(LISTED ENTRIES)
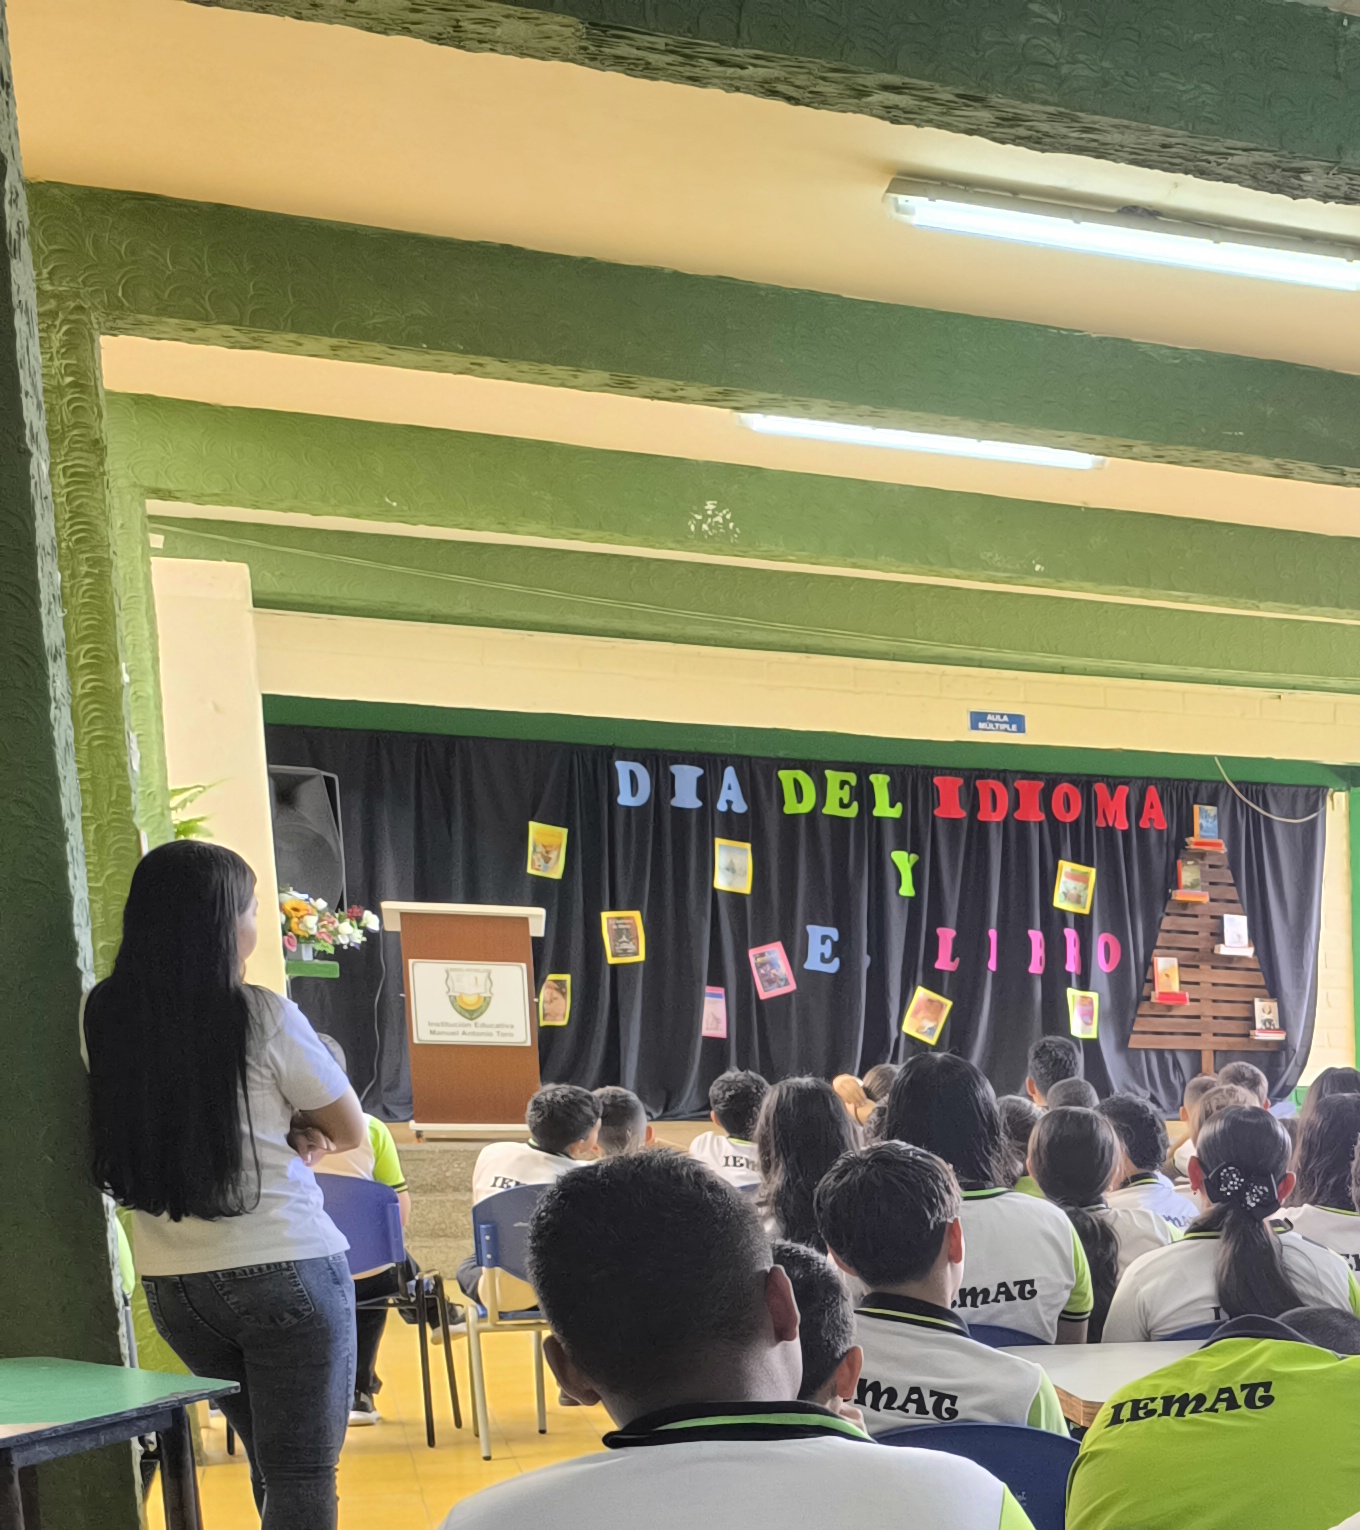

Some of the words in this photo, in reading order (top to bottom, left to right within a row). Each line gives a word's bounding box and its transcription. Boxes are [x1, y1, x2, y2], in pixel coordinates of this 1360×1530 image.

[987, 714, 1009, 722] AULA
[615, 761, 748, 813] DIA
[777, 770, 903, 818] DEL
[933, 776, 1168, 830] IDIOMA
[890, 850, 920, 897] Y
[951, 1278, 1038, 1309] MAT
[854, 1378, 959, 1421] MAT
[1104, 1381, 1275, 1429] IEMAT
(End LISTED ENTRIES)
_EXERCISE DESCRIPTION_
Repeat each line of the records exactly, dropping the pictures.

_TASK RESULT_
Some of the words in this photo, in reading order (top to bottom, left to right within a row). Each line gives a word's bounding box and its transcription. Boxes are [x1, y1, x2, y2], in pixel coordinates of this 1360×1530 image.

[987, 714, 1009, 722] AULA
[615, 761, 748, 813] DIA
[777, 770, 903, 818] DEL
[933, 776, 1168, 830] IDIOMA
[890, 850, 920, 897] Y
[951, 1278, 1038, 1309] MAT
[854, 1378, 959, 1421] MAT
[1104, 1381, 1275, 1429] IEMAT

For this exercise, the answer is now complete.